Vimos que para os Digambara, a nudez faz parte de uma teologia completa e consistente: o monge não deveria ter posses, nem roupa. O monge deveria se livrar de orgulho, e também de vergonha. Da lista de pecados capitais da teologia cristão, vimos neste texto curto a negação da avarícia, do orgulho, e da gula, e de uma maneira extrema. Não podemos dizer que não é religião, pois inclua princípios básicos da teologia ocidental, nem podemos dizer que não é consistente ou seguido à risco.

Ficar nu poderia ser um princípio filosófico? Há filósofo que adora debater o que poderia ou deveria ser, ou que pode ser deduzido logicamento. Vou seguir uma linha mais moderna: ficar nu é um princípio de uma religião que existe desde 365 anos antes de Cristo. Pode ser um princípio filosófico, porque já é, e tem sido por um belo tempo. O que é, pode ser, e ponto.

Contexto

Vi faz uns poucos anos, vídeo de indianos querendo agredir estrangeiros tirando fotos de monges Digambara indo se banhar no rio num dia de festival. O nudez dos monges faz parte de uma filosofia consistente. Os turistas não sabiam e não se importavam com o significado filosófico e religioso. Enxergaram os monges sem contexto, como homens nus. O sentido do nudez estava nos monges, mas não chegou aos turistas.

De volta a Londrina

Voltando aos alunos de Londrina, nossa visão deles é como dos turistas dos monges Digambara. Sem saber do contexto, enxergamos homens nus. É possível de o trabalho de conclusão do curso do aluno, tenha um todo um contexto, em que o nudez dos alunos faz parte de uma visão consistente e até admirável do mundo: há poucos mais pacíficos do que os Jain, que evitam tirar qualquer vida.

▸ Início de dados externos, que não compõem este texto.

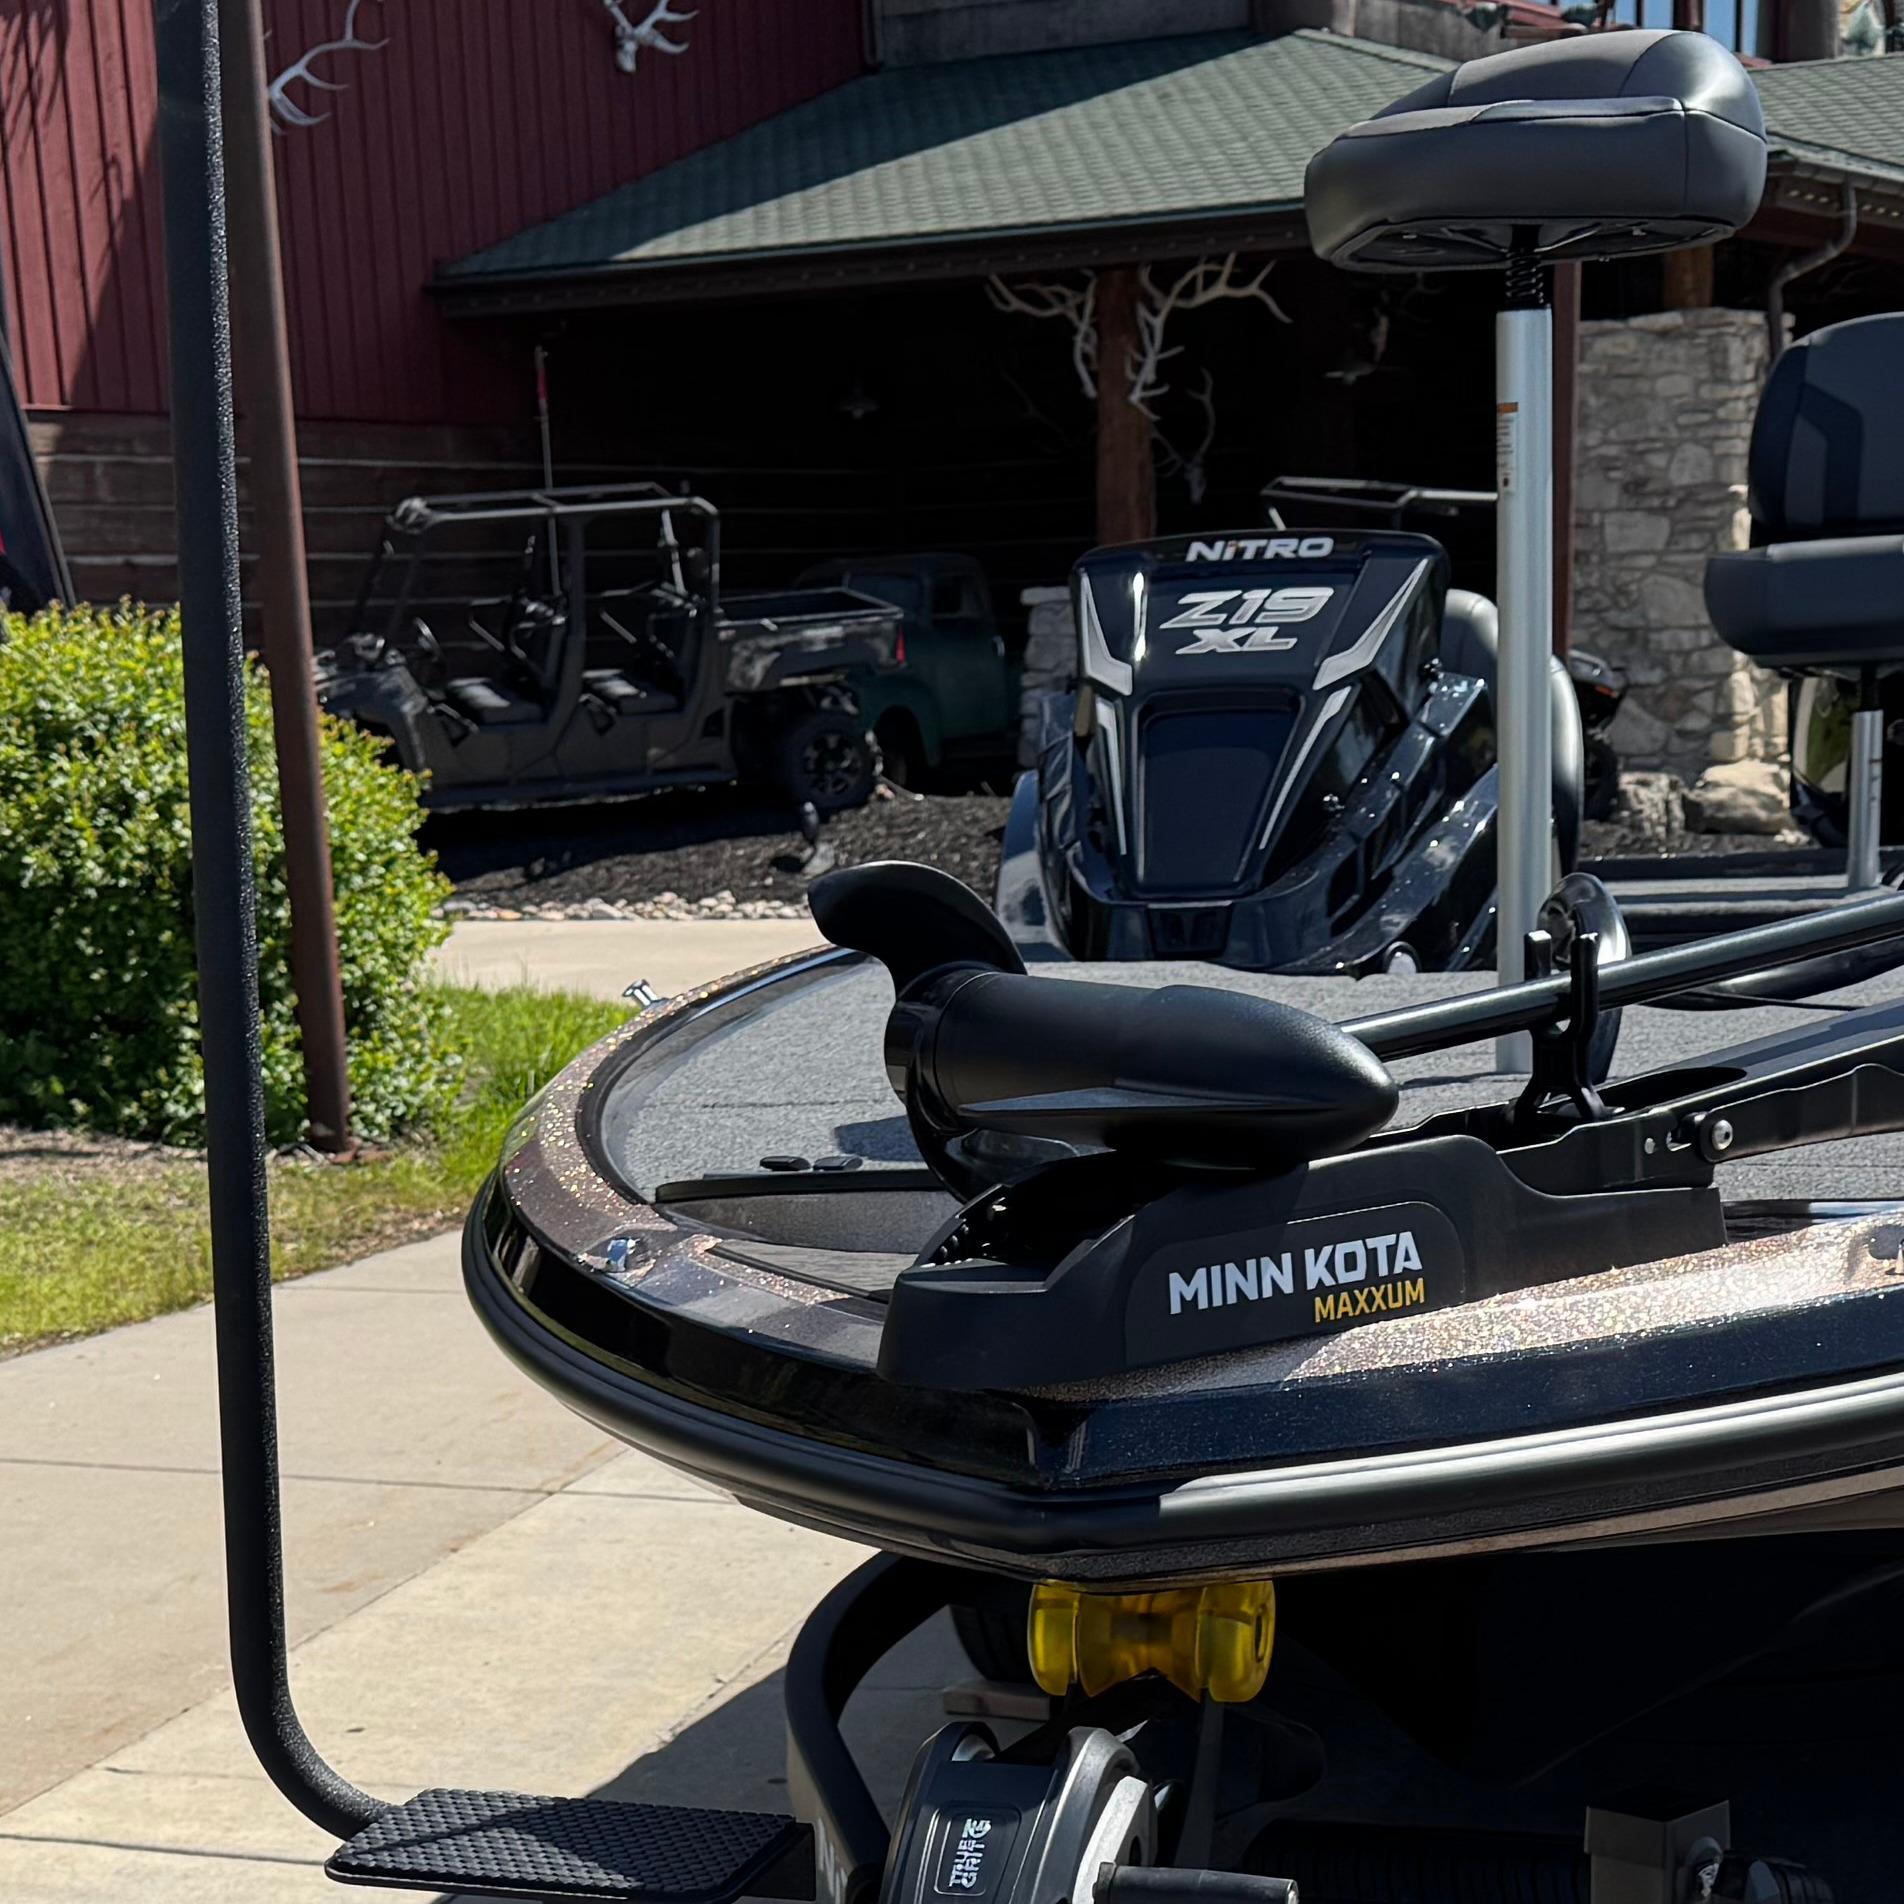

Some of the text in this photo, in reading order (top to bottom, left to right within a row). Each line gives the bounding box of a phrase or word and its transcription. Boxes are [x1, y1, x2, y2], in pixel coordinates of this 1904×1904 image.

Sem saber mais do contexto, e os jornalistas que cobriram o caso não se importaram em perguntar, seria um erro filosófico presumir que o resultado da milenar contemplação interior indiana, for igualado no interior de Paraná.

Há uma diferença entre o nada e o zero, e não sabemos do qual se trata em Londrina. Mas que a ausência de roupa pode ter peso filosófico, em tese, pode.